In re: World Imports LTD (No. 15-1498)
Recently, the U.S. Court of Appeals for the Third Circuit issued a favorable decision for a secured creditor in the context of maritime liens on the prepetition goods of a Chapter 11 debtor, World Imports, Ltd., et al. The court noted the existence of a strong presumption that the creditor, OEC Group (“OEC”), a provider of non-vessel-operating common carrier transportation services, did not waive its maritime liens in connection with the prepetition goods. The court indicated there was clear documentation that the parties intended such liens to survive delivery of the goods, and evidence of an intention to preserve the lien after delivery. The contract stated that the “lien shall survive delivery, for all sums due under this contract or any other undertaking to which the merchant was party.” In support of the decision, the Court noted the “familiar doctrine” of admiralty courts that enables maritime liens to attach to property substituted for the original object of the lien. Although the lien arose by operation of law, the Court held that the parties were free to modify or extend the existing liens via contract, extending the lien from the prepetition goods to the “current goods” which included landed goods in OEC’s possession and those goods in transit for which OEC was to provide delivery in the near future.

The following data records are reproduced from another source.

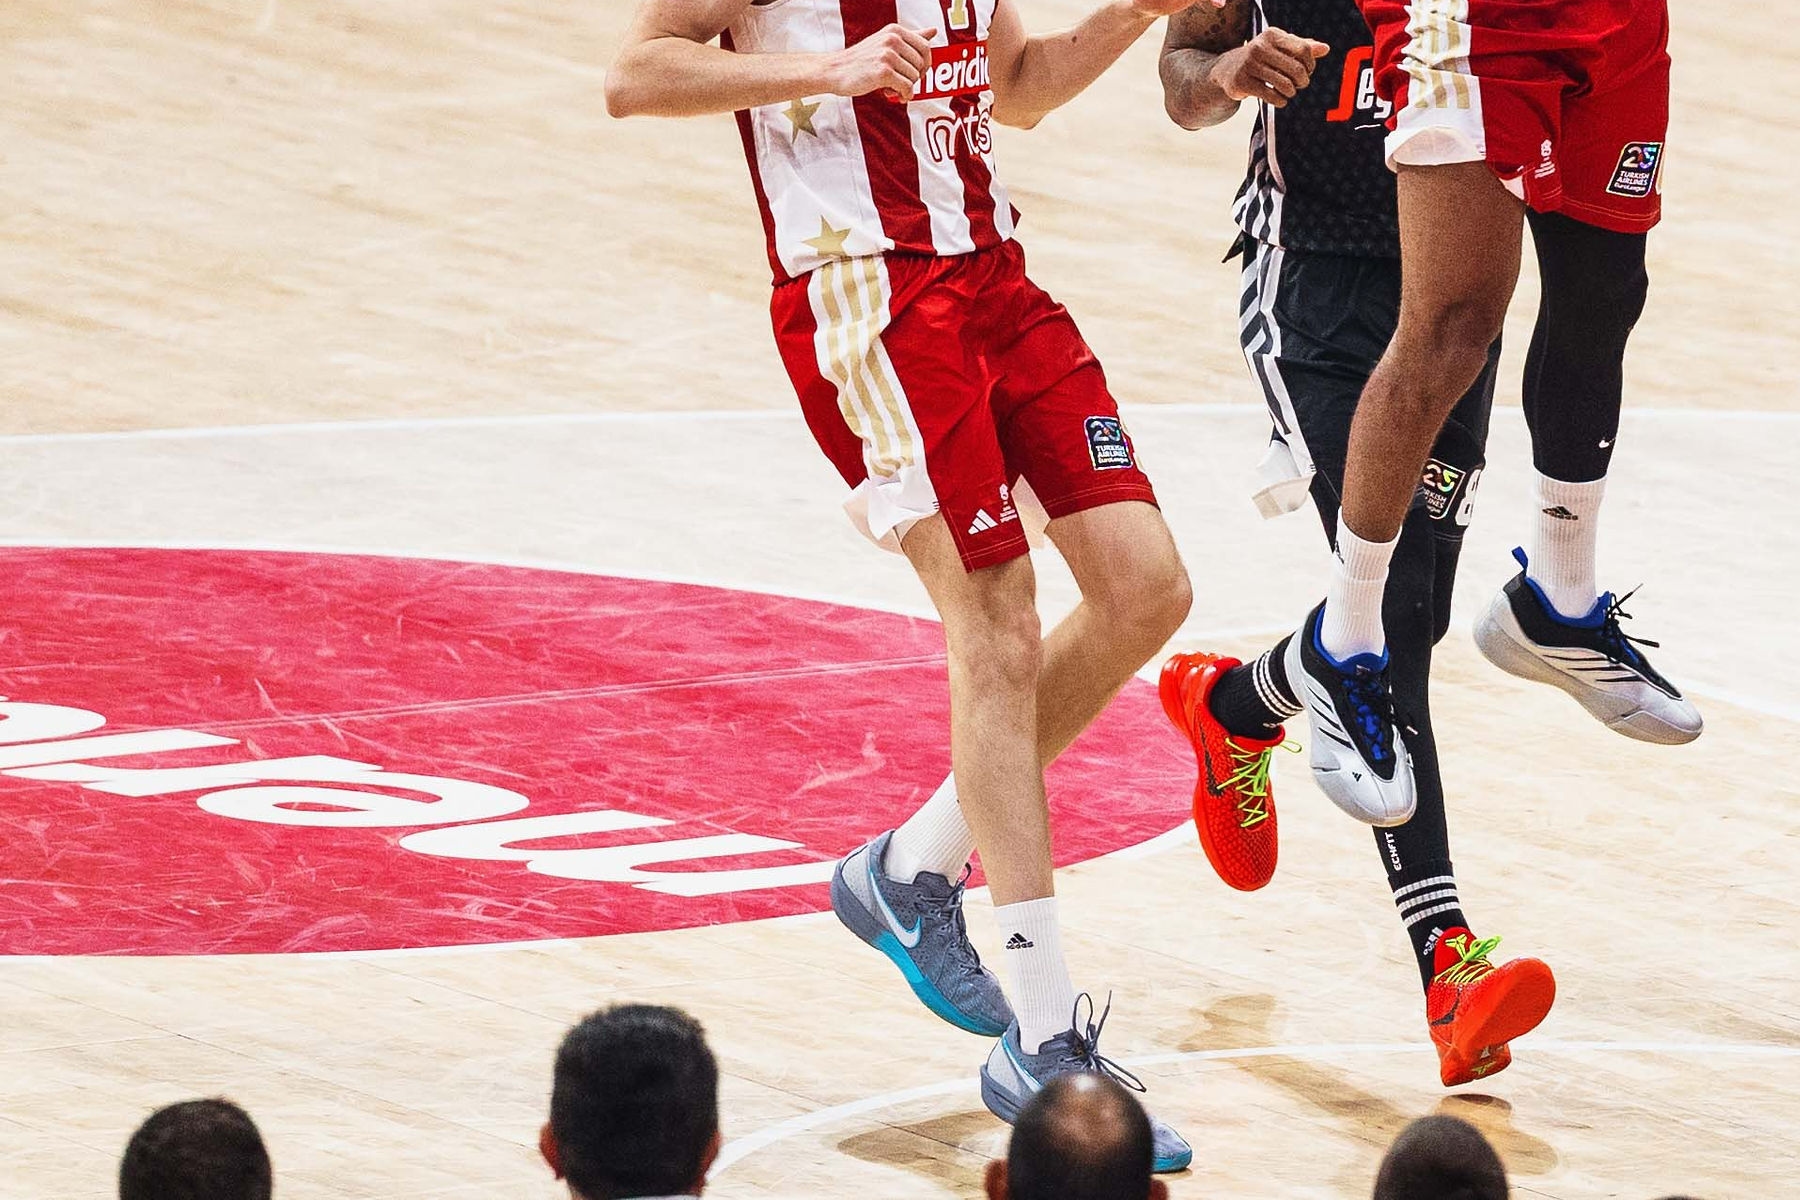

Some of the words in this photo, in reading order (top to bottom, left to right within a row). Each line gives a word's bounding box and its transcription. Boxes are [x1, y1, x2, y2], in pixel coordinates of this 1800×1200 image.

[926, 104, 993, 162] mts
[1622, 146, 1657, 169] 25
[1422, 463, 1459, 493] 25
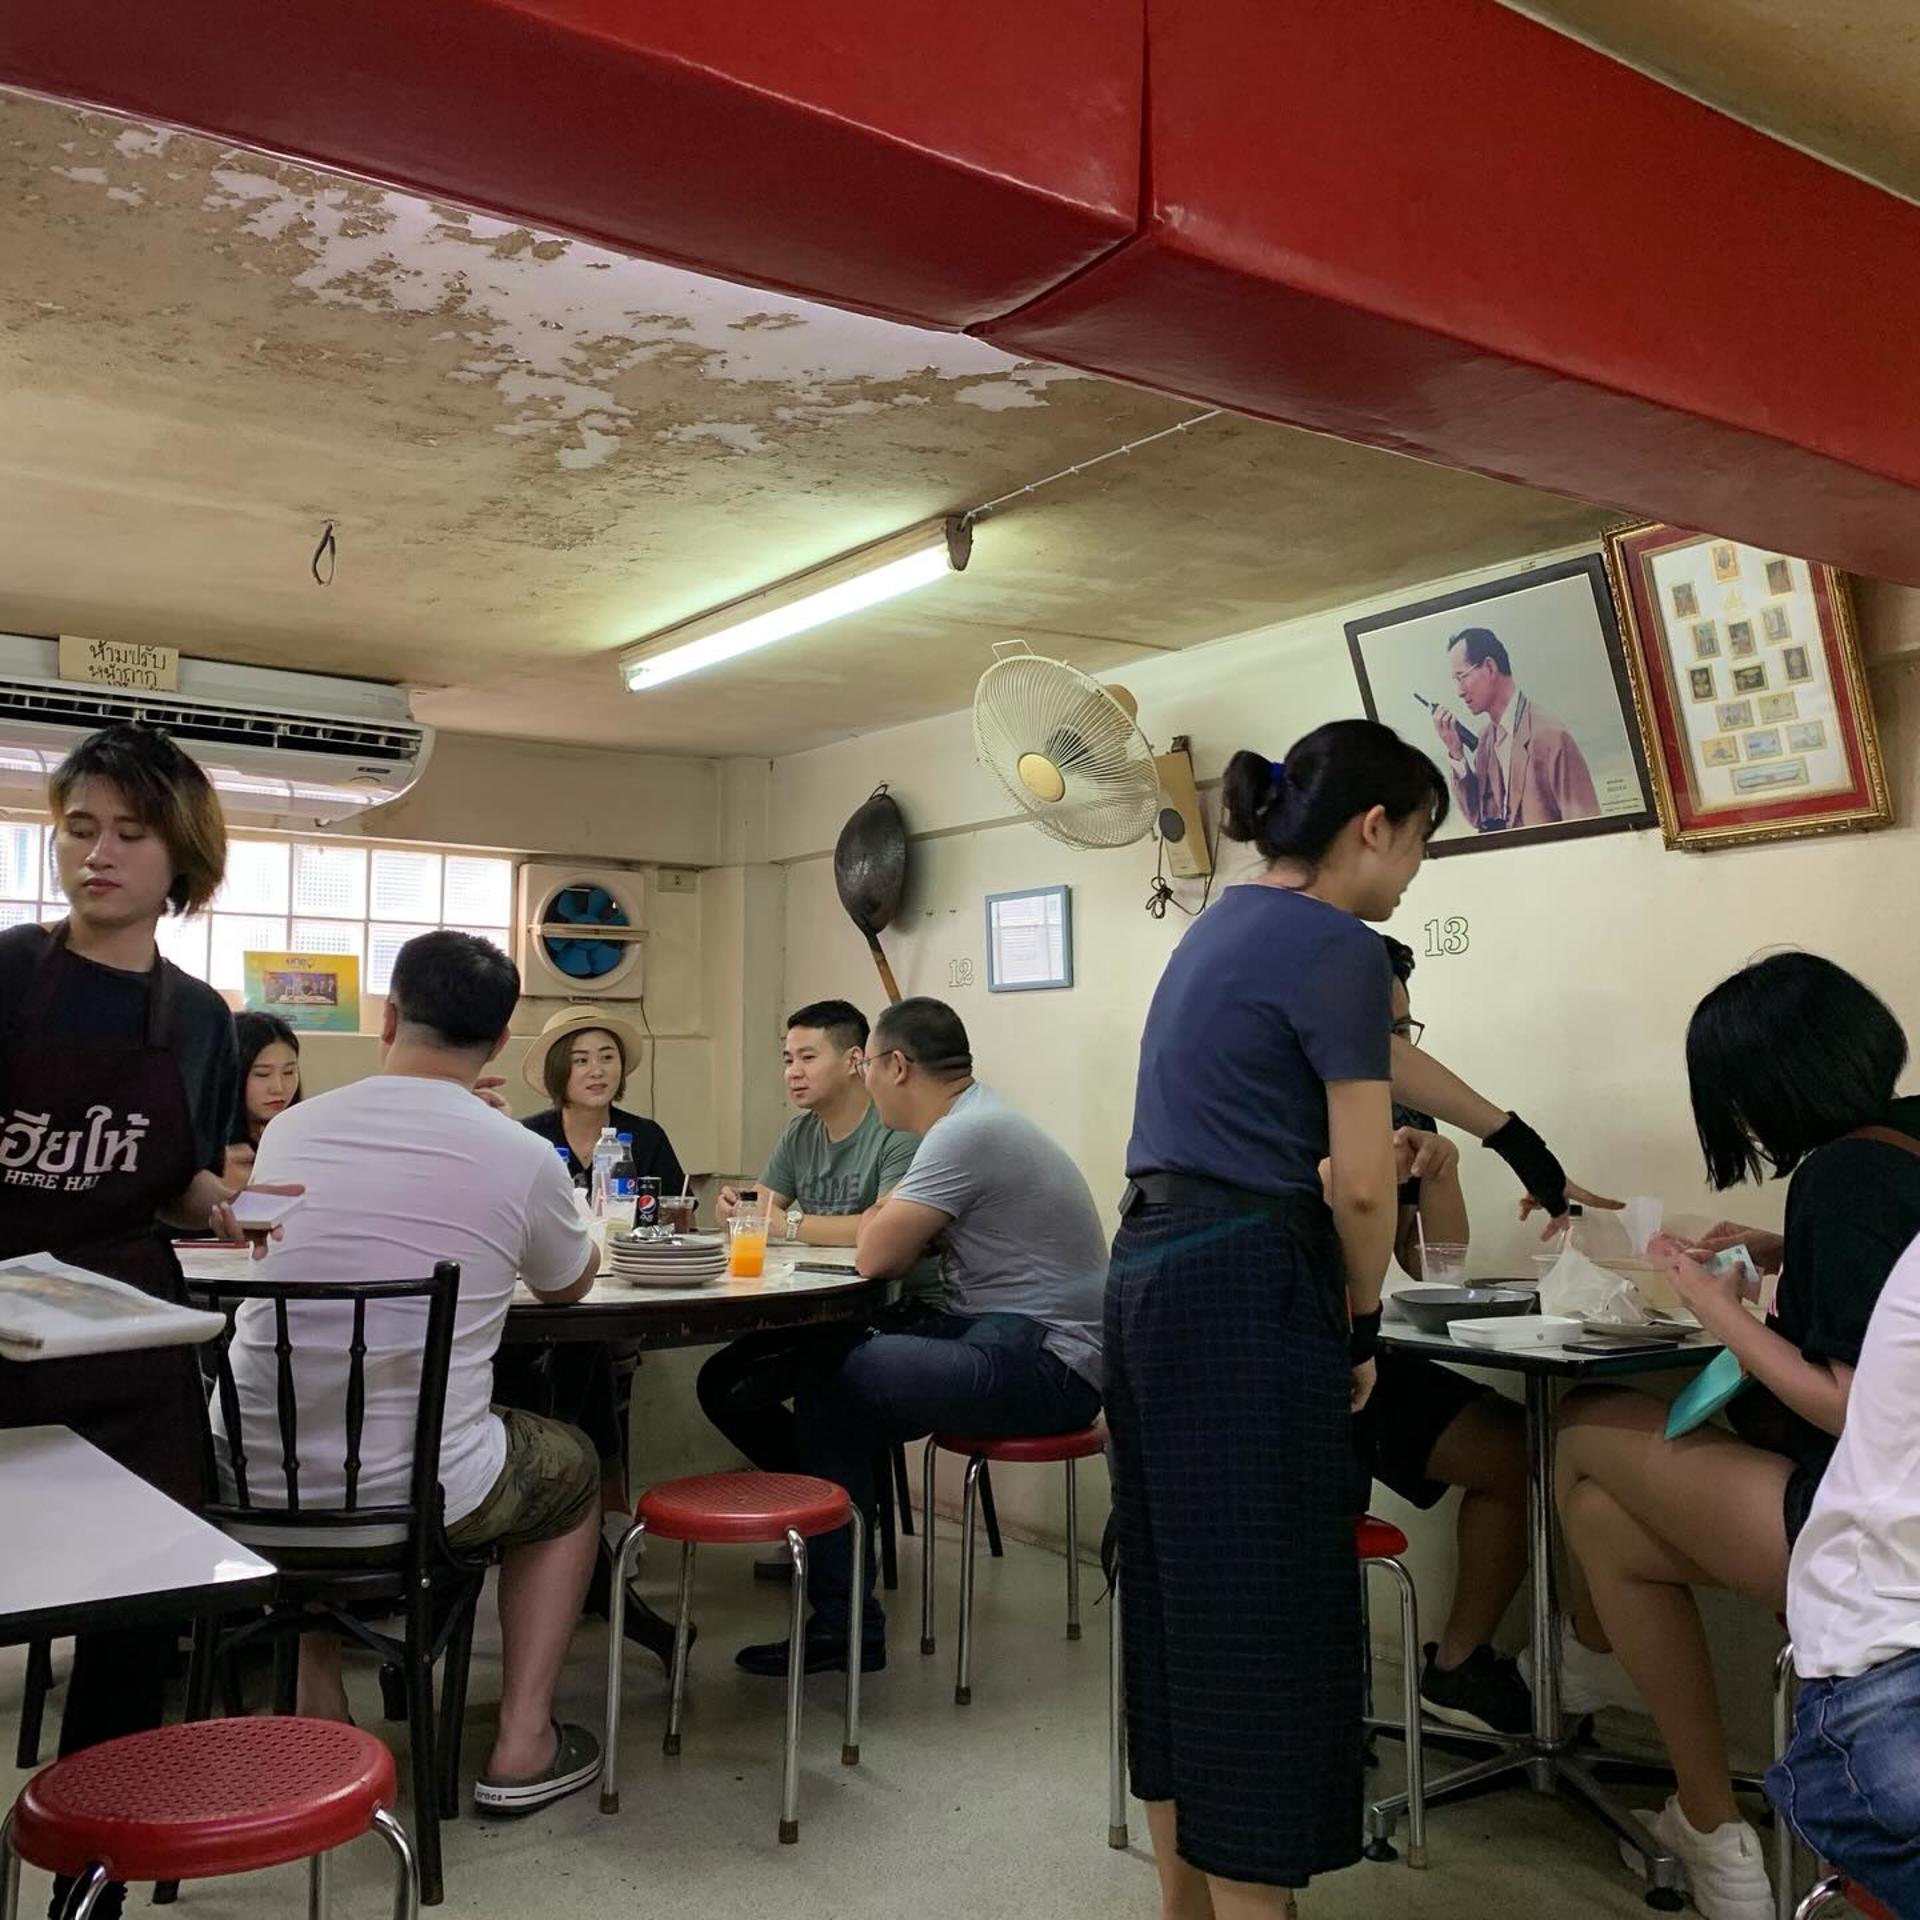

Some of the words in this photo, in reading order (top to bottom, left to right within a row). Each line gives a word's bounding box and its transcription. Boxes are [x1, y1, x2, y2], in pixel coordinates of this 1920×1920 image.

[88, 640, 166, 670] ห้ามปรับ
[1424, 916, 1470, 957] 13
[949, 958, 974, 988] 12
[4, 1169, 60, 1190] HERE
[476, 1791, 503, 1802] crocs

The Court reasoned that the express agreement that OEC would not waive its liens upon delivery, constituted an ex ante agreement that OEC would retain the position already afforded by operation of maritime law. Essentially, the extension of the outstanding liens from prepetition goods to current goods functioned, in the aggregate, as it would have as to individual shipments, under maritime law.

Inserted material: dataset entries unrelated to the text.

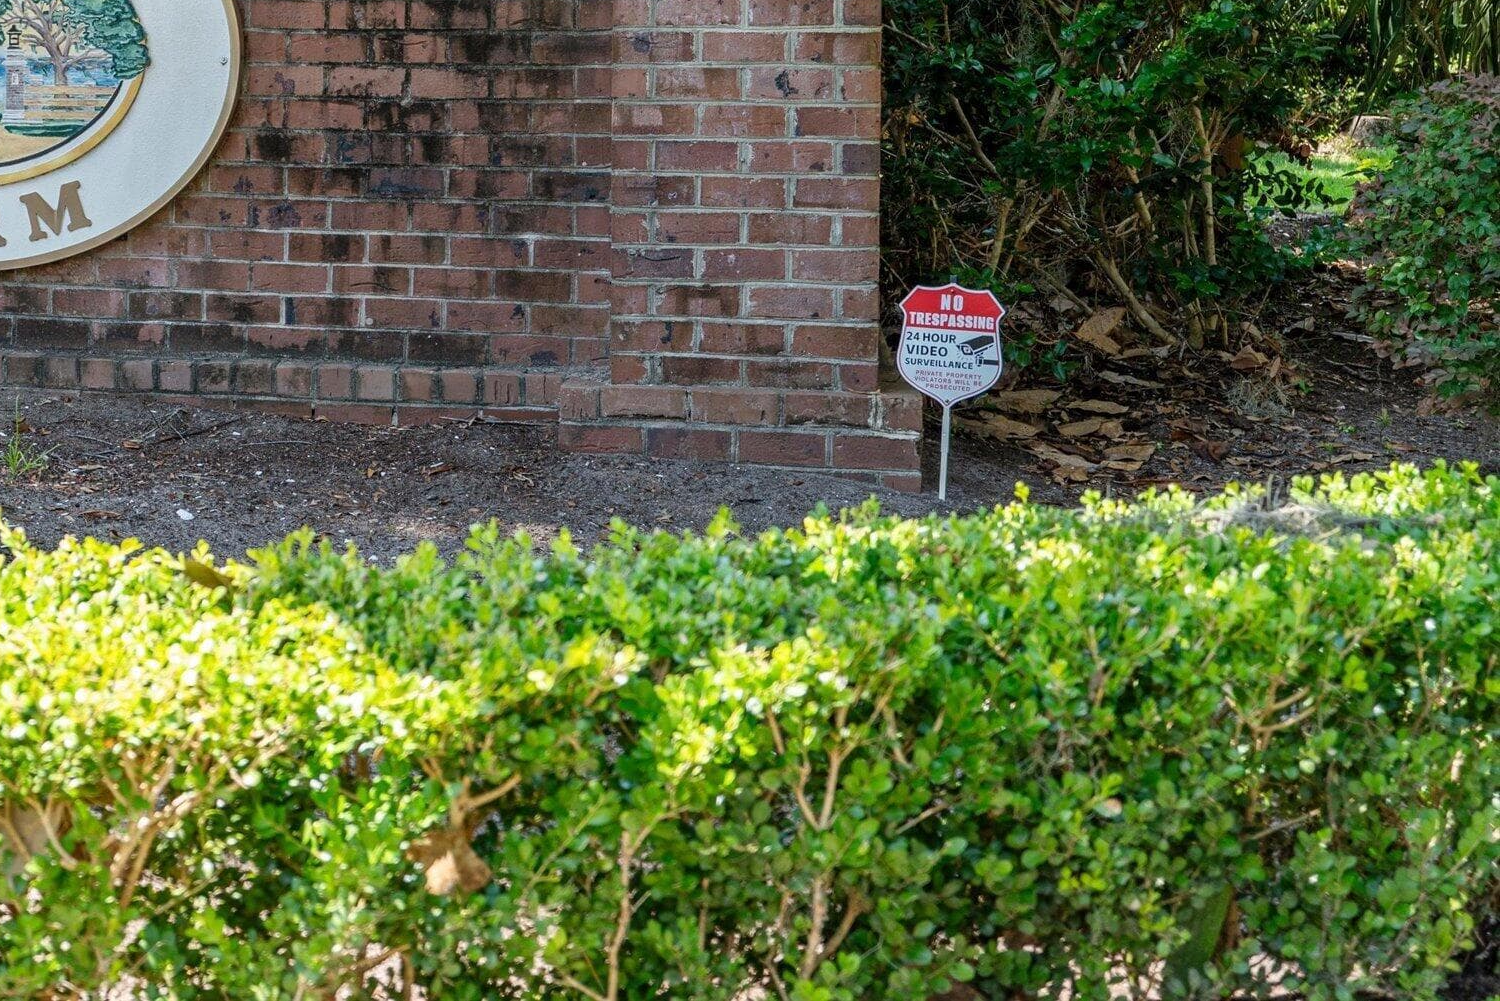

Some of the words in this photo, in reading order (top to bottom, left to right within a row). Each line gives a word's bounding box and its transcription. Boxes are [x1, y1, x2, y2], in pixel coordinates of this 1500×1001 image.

[940, 294, 964, 312] NO
[909, 311, 994, 330] TRESPASSING
[906, 331, 920, 341] 24
[922, 333, 956, 344] HOUR
[906, 344, 948, 357] VIDEO
[905, 357, 974, 370] SURVEILLANCE
[914, 376, 952, 384] VIOLATORS
[946, 371, 982, 380] PROPERTY
[925, 383, 971, 392] PROSECUTED

For creditors in the shipping industry this decision acts as the Third Circuit’s acknowledgement of parties’ rights to contractually retain and consolidate liens insofar as those liens apply to goods still in the shipper’s possession. Providers of common carrier transportation services would be well served to take note of the decision in an effort to enhance their position among other creditors of debtors seeking protection under Chapter 11.